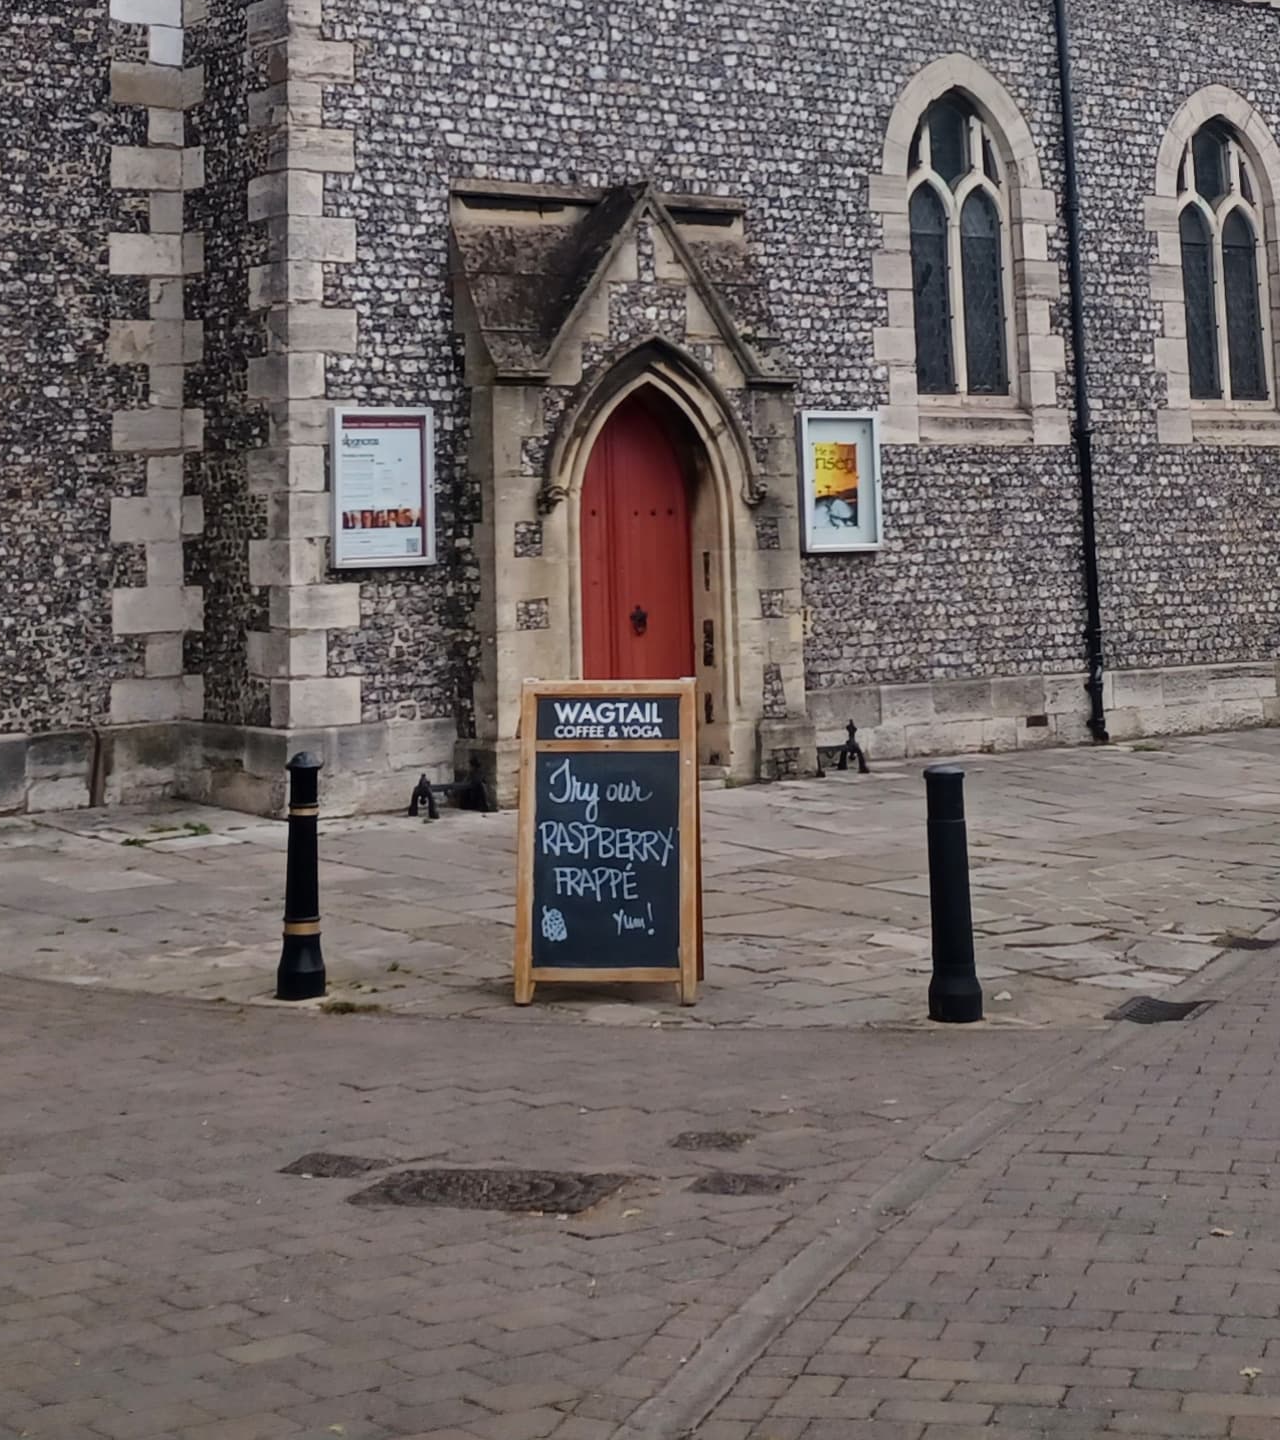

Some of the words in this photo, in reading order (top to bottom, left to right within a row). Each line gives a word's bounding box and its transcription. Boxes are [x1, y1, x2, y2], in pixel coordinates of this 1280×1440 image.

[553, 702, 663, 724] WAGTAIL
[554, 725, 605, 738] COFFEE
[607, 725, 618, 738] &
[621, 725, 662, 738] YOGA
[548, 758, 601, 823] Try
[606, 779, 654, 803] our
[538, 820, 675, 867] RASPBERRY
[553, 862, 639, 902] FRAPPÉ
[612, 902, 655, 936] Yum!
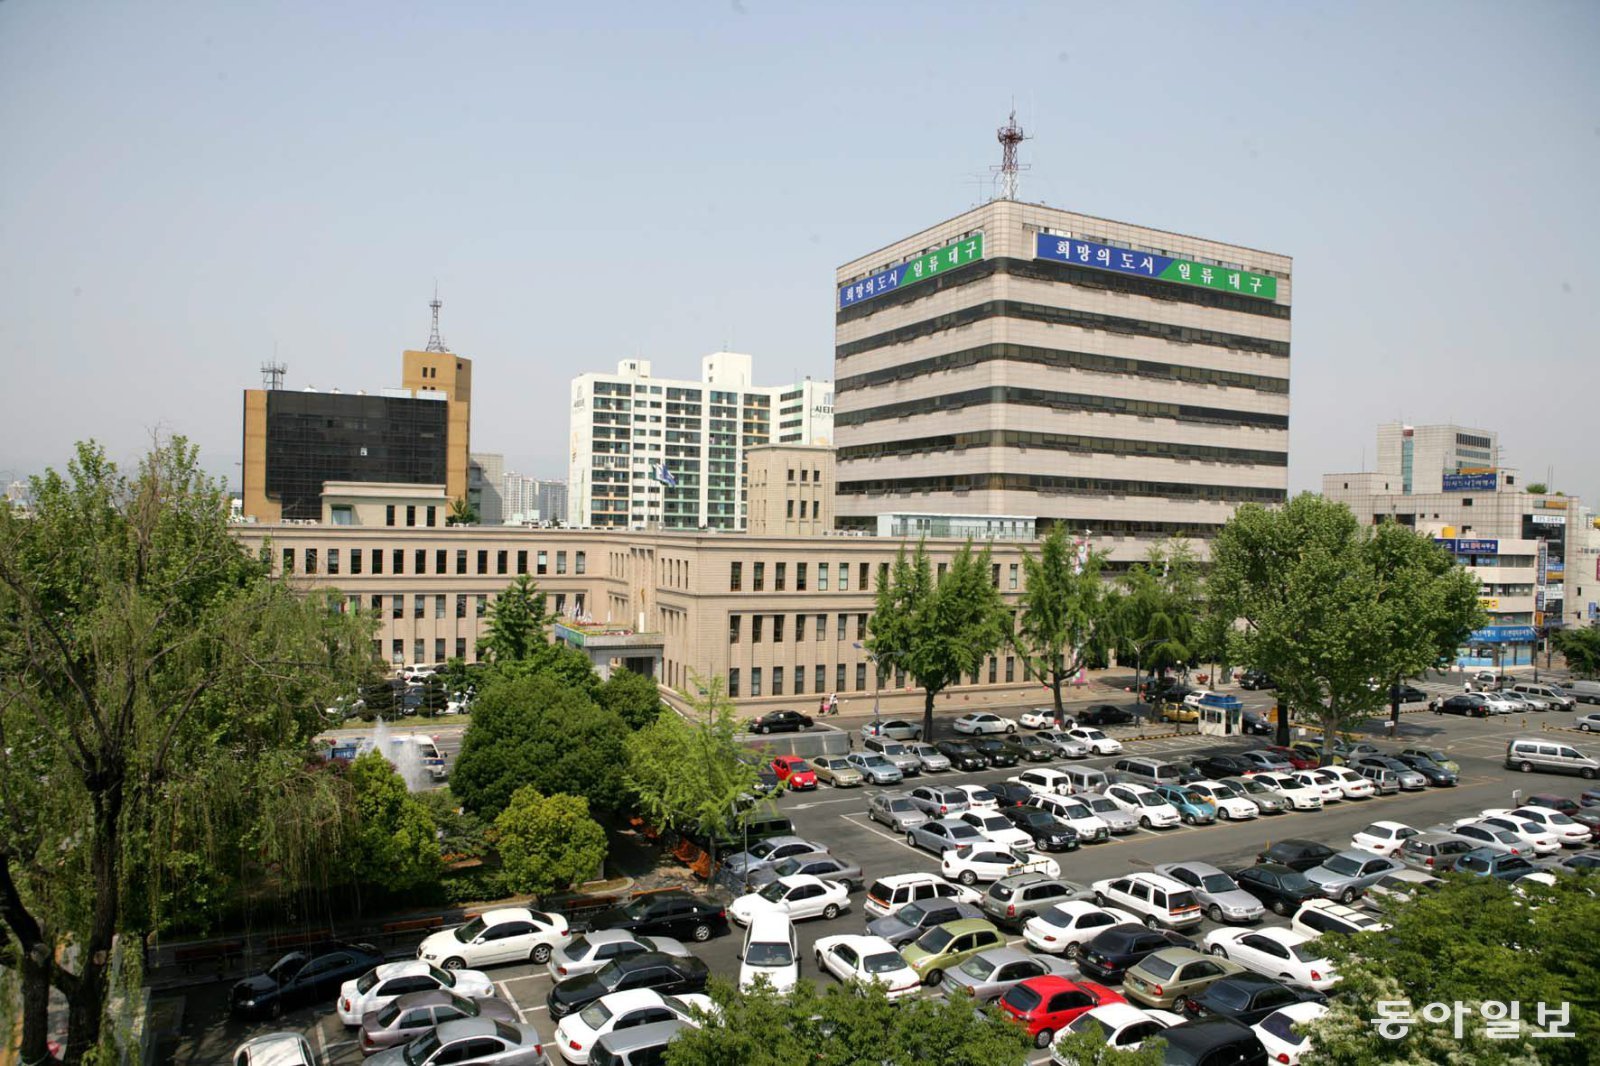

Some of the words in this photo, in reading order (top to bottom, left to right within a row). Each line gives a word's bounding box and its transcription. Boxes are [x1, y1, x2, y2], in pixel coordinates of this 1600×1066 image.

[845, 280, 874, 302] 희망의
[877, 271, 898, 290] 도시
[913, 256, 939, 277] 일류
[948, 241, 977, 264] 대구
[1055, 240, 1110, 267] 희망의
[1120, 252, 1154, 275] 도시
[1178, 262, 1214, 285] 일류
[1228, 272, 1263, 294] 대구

WORK TO BE COMPLETED —
Nothing but the lines from the one containing "this 1600×1066 image." through the last line of the material should be returned, each exactly as written, both ends included.

TASK OUTPUT —
Some of the words in this photo, in reading order (top to bottom, left to right within a row). Each line gives a word's bounding box and its transcription. Boxes are [x1, y1, x2, y2], in pixel coordinates of this 1600×1066 image.

[845, 280, 874, 302] 희망의
[877, 271, 898, 290] 도시
[913, 256, 939, 277] 일류
[948, 241, 977, 264] 대구
[1055, 240, 1110, 267] 희망의
[1120, 252, 1154, 275] 도시
[1178, 262, 1214, 285] 일류
[1228, 272, 1263, 294] 대구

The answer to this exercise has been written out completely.